Tuesday, November 28, 2023

Mizuho Suzuki, 'Godzilla 1985's' Foreign Minister Emori, Passes Away at Age 96

Mizuho Suzuki.

Actor Mizuho Suzuki, best known to Godzilla fans for his role as Foreign Minister Emori in Godzilla 1985 (1984), passed away due to heart failure in Tokyo at 11:01 p.m. on November 19. He was 96. A private funeral has already been held. 

Aside from his turn in the Godzilla series, Mr. Suzuki's other notable credits include the Daiei period horror film The Snow Woman (1968), Kihachi Okamoto's Battle of Okinawa (1971), Submersion of Japan (1973), The Last Days of Planet Earth (1974), Conflagration (1975), the Toei all-star actioner The Bullet Train (1975), and Deathquake (1980). 
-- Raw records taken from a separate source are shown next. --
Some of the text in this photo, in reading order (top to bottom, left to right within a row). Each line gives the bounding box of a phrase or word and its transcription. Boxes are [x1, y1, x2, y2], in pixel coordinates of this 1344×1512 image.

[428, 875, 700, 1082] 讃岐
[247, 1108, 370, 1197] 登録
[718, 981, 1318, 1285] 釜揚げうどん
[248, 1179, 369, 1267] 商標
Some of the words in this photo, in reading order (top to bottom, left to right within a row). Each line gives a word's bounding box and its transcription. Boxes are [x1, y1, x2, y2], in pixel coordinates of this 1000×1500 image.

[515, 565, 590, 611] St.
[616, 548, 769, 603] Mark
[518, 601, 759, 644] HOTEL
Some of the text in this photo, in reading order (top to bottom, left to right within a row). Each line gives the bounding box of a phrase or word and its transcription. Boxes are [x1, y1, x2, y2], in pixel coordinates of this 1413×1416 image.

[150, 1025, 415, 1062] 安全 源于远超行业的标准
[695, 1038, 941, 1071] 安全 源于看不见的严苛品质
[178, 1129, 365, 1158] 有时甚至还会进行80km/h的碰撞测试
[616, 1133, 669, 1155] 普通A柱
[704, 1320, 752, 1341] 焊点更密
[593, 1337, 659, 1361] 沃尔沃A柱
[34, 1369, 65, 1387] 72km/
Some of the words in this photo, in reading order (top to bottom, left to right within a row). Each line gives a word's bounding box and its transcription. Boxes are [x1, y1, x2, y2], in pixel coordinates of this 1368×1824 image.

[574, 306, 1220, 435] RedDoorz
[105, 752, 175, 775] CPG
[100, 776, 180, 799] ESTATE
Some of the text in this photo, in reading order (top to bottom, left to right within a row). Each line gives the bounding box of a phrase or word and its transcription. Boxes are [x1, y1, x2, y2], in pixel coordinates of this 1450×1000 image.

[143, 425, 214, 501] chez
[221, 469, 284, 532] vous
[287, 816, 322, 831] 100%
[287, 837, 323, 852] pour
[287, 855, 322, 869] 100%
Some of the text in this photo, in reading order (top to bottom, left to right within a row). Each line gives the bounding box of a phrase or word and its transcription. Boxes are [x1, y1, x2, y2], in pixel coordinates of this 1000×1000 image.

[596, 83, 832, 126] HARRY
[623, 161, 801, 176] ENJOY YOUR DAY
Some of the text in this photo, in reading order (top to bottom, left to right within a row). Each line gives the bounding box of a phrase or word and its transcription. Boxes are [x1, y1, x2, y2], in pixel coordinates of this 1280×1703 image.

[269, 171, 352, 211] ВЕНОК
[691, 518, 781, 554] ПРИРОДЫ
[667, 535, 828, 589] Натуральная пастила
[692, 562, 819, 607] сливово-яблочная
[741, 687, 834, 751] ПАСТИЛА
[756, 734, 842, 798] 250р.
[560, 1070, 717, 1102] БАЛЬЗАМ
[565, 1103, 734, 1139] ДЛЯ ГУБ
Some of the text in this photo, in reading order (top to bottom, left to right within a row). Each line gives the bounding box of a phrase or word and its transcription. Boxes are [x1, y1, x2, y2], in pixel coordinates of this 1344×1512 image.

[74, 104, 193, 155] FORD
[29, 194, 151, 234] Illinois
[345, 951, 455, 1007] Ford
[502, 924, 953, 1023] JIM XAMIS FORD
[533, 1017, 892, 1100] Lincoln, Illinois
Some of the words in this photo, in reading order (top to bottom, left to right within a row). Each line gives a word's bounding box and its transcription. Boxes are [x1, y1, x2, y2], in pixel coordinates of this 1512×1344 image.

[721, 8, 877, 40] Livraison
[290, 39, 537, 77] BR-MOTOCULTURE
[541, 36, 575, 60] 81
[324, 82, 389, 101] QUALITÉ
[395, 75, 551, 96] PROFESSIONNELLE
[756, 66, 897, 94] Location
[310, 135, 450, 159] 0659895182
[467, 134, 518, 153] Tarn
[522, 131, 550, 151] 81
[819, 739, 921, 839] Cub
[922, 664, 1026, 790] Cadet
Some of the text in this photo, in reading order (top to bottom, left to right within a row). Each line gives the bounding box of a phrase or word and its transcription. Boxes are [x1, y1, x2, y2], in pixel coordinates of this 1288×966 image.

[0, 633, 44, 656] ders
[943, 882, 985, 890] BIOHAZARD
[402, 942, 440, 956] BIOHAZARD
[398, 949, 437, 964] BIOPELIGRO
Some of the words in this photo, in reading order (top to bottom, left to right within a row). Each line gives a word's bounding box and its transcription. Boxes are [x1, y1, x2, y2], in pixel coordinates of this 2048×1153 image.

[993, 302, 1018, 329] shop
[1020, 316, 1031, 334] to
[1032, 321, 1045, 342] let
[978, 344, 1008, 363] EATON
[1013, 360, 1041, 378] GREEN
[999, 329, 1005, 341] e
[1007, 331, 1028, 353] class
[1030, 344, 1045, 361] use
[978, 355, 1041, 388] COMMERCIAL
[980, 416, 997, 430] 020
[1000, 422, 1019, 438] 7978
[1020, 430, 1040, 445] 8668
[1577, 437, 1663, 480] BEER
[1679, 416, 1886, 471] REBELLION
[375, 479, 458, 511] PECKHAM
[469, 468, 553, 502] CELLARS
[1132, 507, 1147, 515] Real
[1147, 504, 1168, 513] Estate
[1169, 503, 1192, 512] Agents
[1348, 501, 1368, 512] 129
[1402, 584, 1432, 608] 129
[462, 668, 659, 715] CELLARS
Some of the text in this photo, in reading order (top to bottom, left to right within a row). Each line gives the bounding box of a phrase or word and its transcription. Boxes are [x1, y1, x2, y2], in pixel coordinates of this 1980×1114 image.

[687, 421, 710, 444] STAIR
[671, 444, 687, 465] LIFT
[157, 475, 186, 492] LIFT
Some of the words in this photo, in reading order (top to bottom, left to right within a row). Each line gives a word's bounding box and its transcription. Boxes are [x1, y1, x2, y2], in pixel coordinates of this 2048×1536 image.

He was also responsible for dubbing Charlton Heston in the theatrical version of Solar Crisis (1990). On the small screen, Mr. Suzuki provided the voice for Don Corleone (Marlon Brando) in The Godfather (1972), as well as Darth Vader in the original Star Wars trilogy, for the Nippon TV broadcasts of those films. 

Born in Manchuria on October 23, 1927, Mr. Suzuki moved to Japan after the war at the age of 18 with his father, who was a Japanese soldier, and began his acting career in 1952 when, after graduating from college, he reportedly helped establish the Mingei Theatre Company, although the theater troupe's home page does not mention Mr. Suzuki's involvement in its founding. (It should also be noted that this source only asserts that Mr. Suzuki dropped out of Kyoto University and makes no mention of his graduating from another university.)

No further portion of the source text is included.